現(xiàn)階段，干細(xì)胞制備過程仍存在許多亟待完善的方面。不同供者來源的干細(xì)胞分化能力、生物學(xué)活性、老化速度等存在較大差異，因此在制備過程中應(yīng)該嚴(yán)格選擇干細(xì)胞來源生物材料的供者，特別是供者需進(jìn)行嚴(yán)格體檢，充分了解供者遺傳背景和既往病史，確定是否有遺傳病以及健康狀況是否符合要求等，盡量排除可能對(duì)干細(xì)胞受者產(chǎn)生不良影響的因素，如人體免疫缺陷病毒、人類T淋巴細(xì)胞病毒等[5]。

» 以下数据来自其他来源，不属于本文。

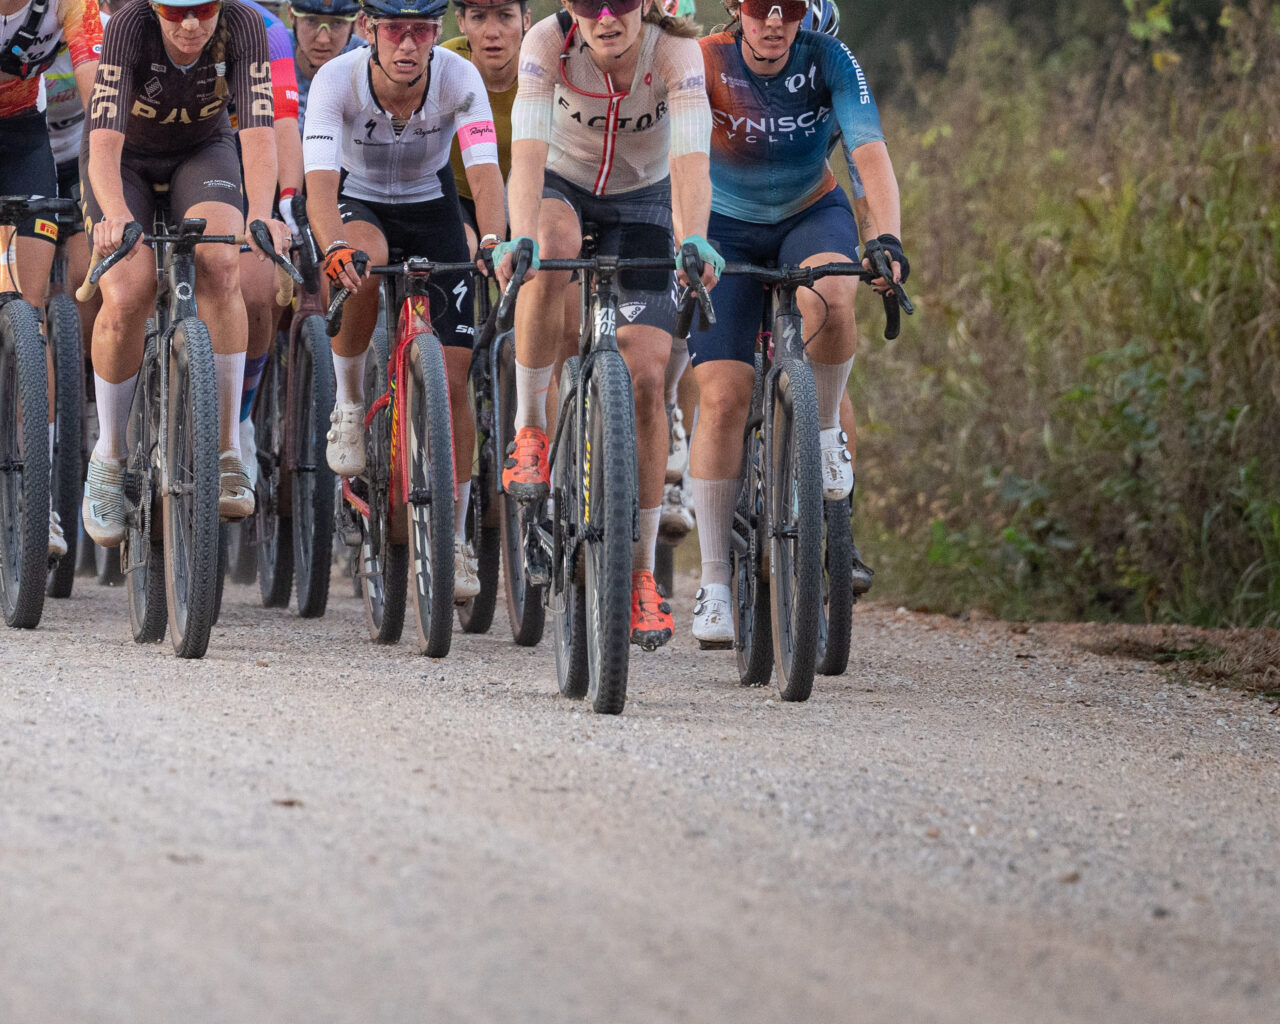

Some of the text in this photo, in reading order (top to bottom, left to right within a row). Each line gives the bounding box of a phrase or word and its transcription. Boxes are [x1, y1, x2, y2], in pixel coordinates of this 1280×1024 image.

干細(xì)胞的制備技術(shù)尚未成熟，干細(xì)胞的鑒定、分離、純化仍存在很大挑戰(zhàn)，非目的性分化、無功能性分化、不能有效擴(kuò)增等問題亟待解決，體內(nèi)外誘導(dǎo)機(jī)制仍未完善，這些都阻礙了干細(xì)胞臨床應(yīng)用的進(jìn)展。

3.2 制備安全性是臨床應(yīng)用倫理關(guān)注的重要方面

干細(xì)胞制備的安全性問題涉及多個(gè)方面，包括外源性微生物污染、異種蛋白引入；批次之間產(chǎn)品的穩(wěn)定性差；多次傳代后干細(xì)胞的生物學(xué)特性改變，出現(xiàn)老化、多向分化潛能退化、分泌能力降低，甚至出現(xiàn)永生化傾向；經(jīng)體外長(zhǎng)期培養(yǎng)還會(huì)出現(xiàn)染色體變異，特定的微環(huán)境也可能影響干細(xì)胞的增殖、分化和促進(jìn)惡性轉(zhuǎn)化等。干細(xì)胞制備的安全性是影響干細(xì)胞大規(guī)模臨床應(yīng)用的重要原因，也是干細(xì)胞臨床應(yīng)用倫理關(guān)注的重要方面。

3.3 干細(xì)胞制備過程需嚴(yán)格控制質(zhì)量，不斷改進(jìn)工藝

不同于傳統(tǒng)的藥物，干細(xì)胞制劑的制備技術(shù)具有多樣性、復(fù)雜性和特殊性。為了確保干細(xì)胞制劑臨床應(yīng)用的安全性和有效性，需要對(duì)干細(xì)胞的采集和分離、干細(xì)胞系的建立、干細(xì)胞制劑制備的整個(gè)過程進(jìn)行質(zhì)量監(jiān)控[18]。此外，還需繼續(xù)改進(jìn)制備工藝，盡可能使用無動(dòng)物源性成分的添加物或使用無血清的培養(yǎng)基，減少添加物殘留量，降低微生物污染的風(fēng)險(xiǎn)；在干細(xì)胞產(chǎn)品用于臨床治療之前，對(duì)長(zhǎng)時(shí)間擴(kuò)增過程中的干細(xì)胞進(jìn)行安全性評(píng)估，了解基因組及表觀遺傳穩(wěn)定性的相關(guān)因子是否發(fā)生變化，確保人體移植的安全性。